Sixteen PoptrARF gene pairs (82% of total) are estimated to be represented in chromosomal segmental duplications arising out of the salicoid whole genome duplication event. Two genes, PoptrARF16.4 and PoptrARF16.5, (5% of total) are represented as one tandem duplication pair. The Arabidopsis genome contains a group of seven tandemly duplicated ARF genes that thus far have not been observed in other plant species including Populus and rice.

Comparative analysis of Populus and Arabidopsis ARFgene families

Phylogenetic analysis using known and predicted Populus, Arabidopsis and rice ARF protein sequences shows distinct gene family histories even between the two dicots (Figure 5). The ratio of activator ARFs (defined by the Q-rich middle region) in Arabidopsis and Populus is 1:2.6 whereas the ratio of repressor and other ARFs is 1:1.4, indicating a two-fold enrichment of activator ARFs during Populus evolution.

Figure 5
figure 5

Phylogenetic analysis of predicted full-length ARF protein sequences using Neighbor-Joining method. Amino acids sequences of full-length predicted proteins were aligned using MUSCLE program. Tree was produced as described in methods. Bootstrap support is indicated at each node. Green and orange boxes represent sustained expansion of subgroups in Populus and Arabidopsis, respectively. Grey box represents the Q-rich activator ARF subgroup.

A pair of Populus genes, PoptrARF7.3 and PoptrARF 7.4, was found to group closely with three OsARF genes but had no obvious Arabidopsis orthologs. The loss-of-function ARF7 mutant displays altered leaf expansion, lateral root formation [30] and hypocotyl phototropism [31] in Arabidopsis. PoptrARF7.3 has EST support from a tension wood library (See Additional file 6), and microarray data indicated that PoptrARF7.3 has higher expression in xylem tissue (See Additional files 7, 8 and 9). It is possible that analogous to AtARF7's role in auxin dependent differential growth in aerial plant form [31], PoptrARF7.3 may be involved in differential growth in woody stems in response to tension stress.

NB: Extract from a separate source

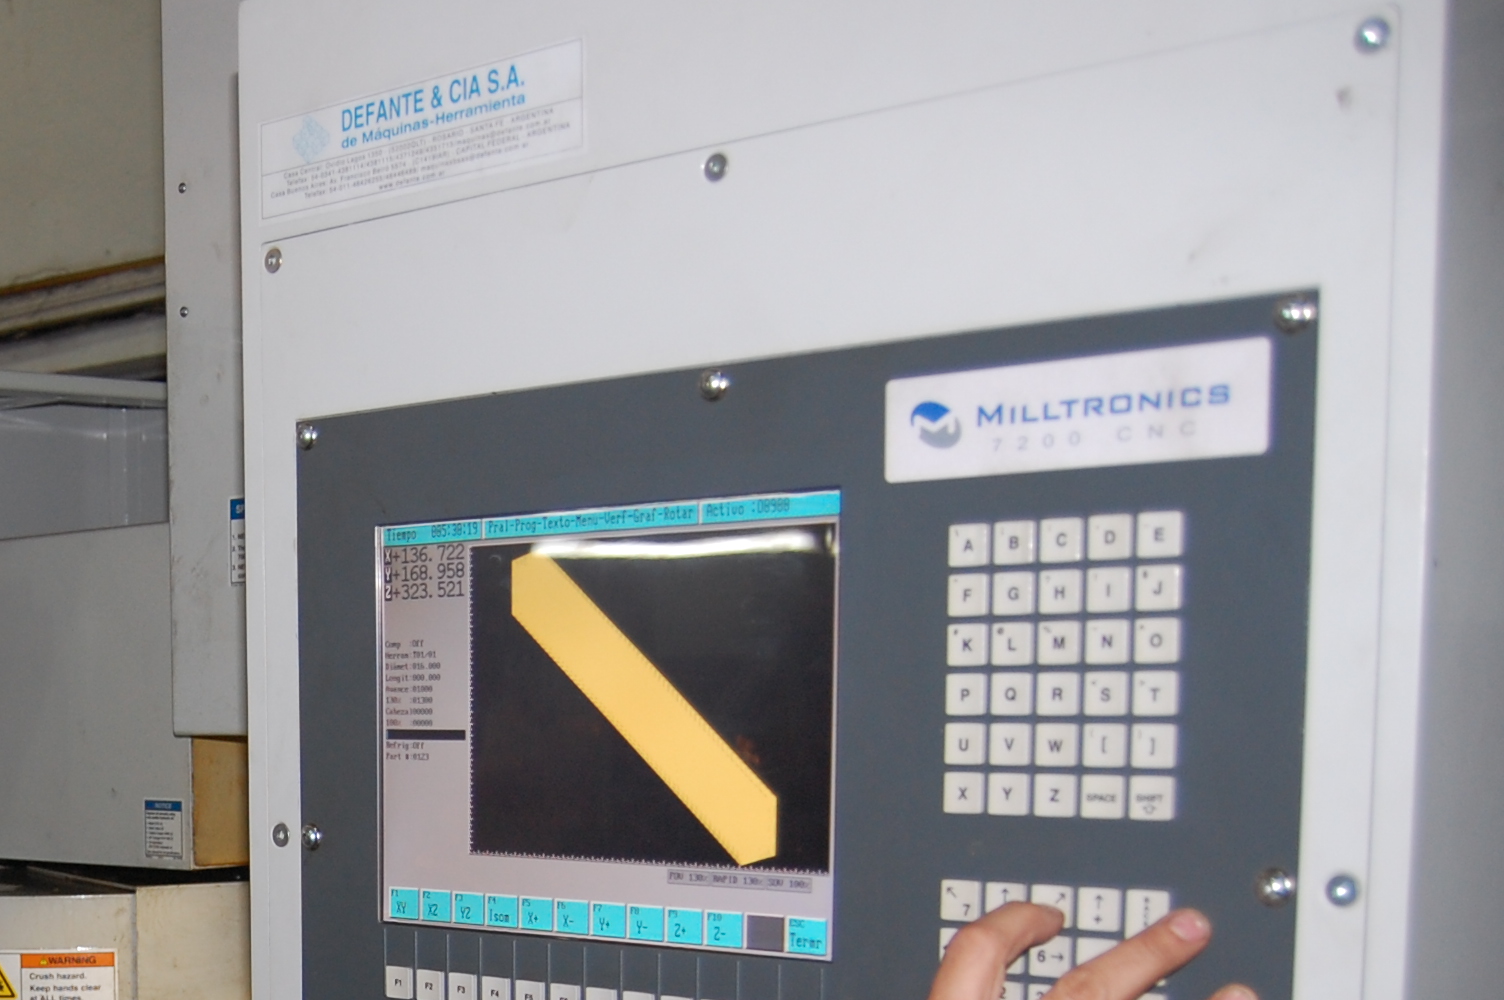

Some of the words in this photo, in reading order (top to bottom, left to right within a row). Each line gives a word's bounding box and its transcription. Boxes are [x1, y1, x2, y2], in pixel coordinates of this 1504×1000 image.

At least three different singleton ArabidopsisARF genes (AtARF2, 6 and 16) were found to cluster with four or more Populus genes each. PoptrARF6.4 and PoptrARF6.5 are likely co-orthologs of an ancestral gene lost in Arabidopsis. AtARF 6 and its Populus co-orthologs have Q-rich middle regions. Potato ARF6, which is similar to AtARF6, is reported to be involved in meristem activation [32]. Sprouting buds, apical meristem and leaf tips were reported to have the highest ARF6 transcript levels. While PoptrARF6.1 has EST support from cambial zone and tension wood tissue libraries, PoptrARF6.4, has expression support from a dormant bud library and PoptrARF6.2 has EST support from floral bud libraries. Furthermore, our microarray experiments indicated that the five members of the PoptrARF6 subgroup showed differential patterns of expression. PoptrARF6.1 and 6.4 were expressed at low levels, with peaks in mature leaves and phloem-cortex samples. In contrast, PoptrARF6.2 and 6.3 were strongly expressed across most tissue types, with particularly strong expression in xylem, phloem, and vegetative and reproductive meristems. Finally, PoptrARF6.5 was not significantly expressed in any of the tissues tested (See Additional files 7 and 8). Interestingly, AtARF6 and 8 (double mutant) are associated with floral development in Arabidopsis [33]. They also display reduced stature, possibly due to reduced apical meristem activity. Though further experimental validation is required, preliminary information suggests that this subgroup has functional roles in controlling meristematic activity in distinct tissues and developmental stages.

AtARF2 negatively regulates differential growth in Arabidopsis hypocotyls [34]. AtARF2 mutants are reported to have defective floral structures [35]. T-DNA insertion mutants of AtARF2 have larger rosette leaves and reduced number and size of other aerial organs including inflorescences [33]. AtARF2 T-DNA insertion mutants also exhibit extra cell division and expansion in seeds and other vegetative and floral organs[35]. Populus has four putative AtARF2 orthologs (Figure 5). PoptrARF2.5 and PoptrARF2.6 are likely co-orthologs of an ancestral gene lost in Arabidopsis. Based on microarray and EST support, PoptrARF2.1 and 2.2 appear to express almost ubiquitously, with particularly strong expression in xylem and phloem. PoptrARF2.3 and PoptrARF2.4 were expressed in vegetative and floral buds, as well as in the cambial (cell division) zone. Tissue distribution of Populus ESTs and array results suggest that these sequence orthologs may possess similar functional contexts in Populus and Arabidopsis.

Characterization of the ettin (ett) mutant revealed that AtARF3 is involved in floral meristem, gynoecium, stamen and perianth patterning [36]. Populus has three ARF3-like genes out of which, PoptrARF3.1 and 3.2 had some EST and microarray expression support from vegetative and reproductive buds, but surprisingly these genes were most strongly expressed in xylem and phloem. PoptrARF3.3 was not included on the microarray because the gene model was artificially truncated in the initial annotation.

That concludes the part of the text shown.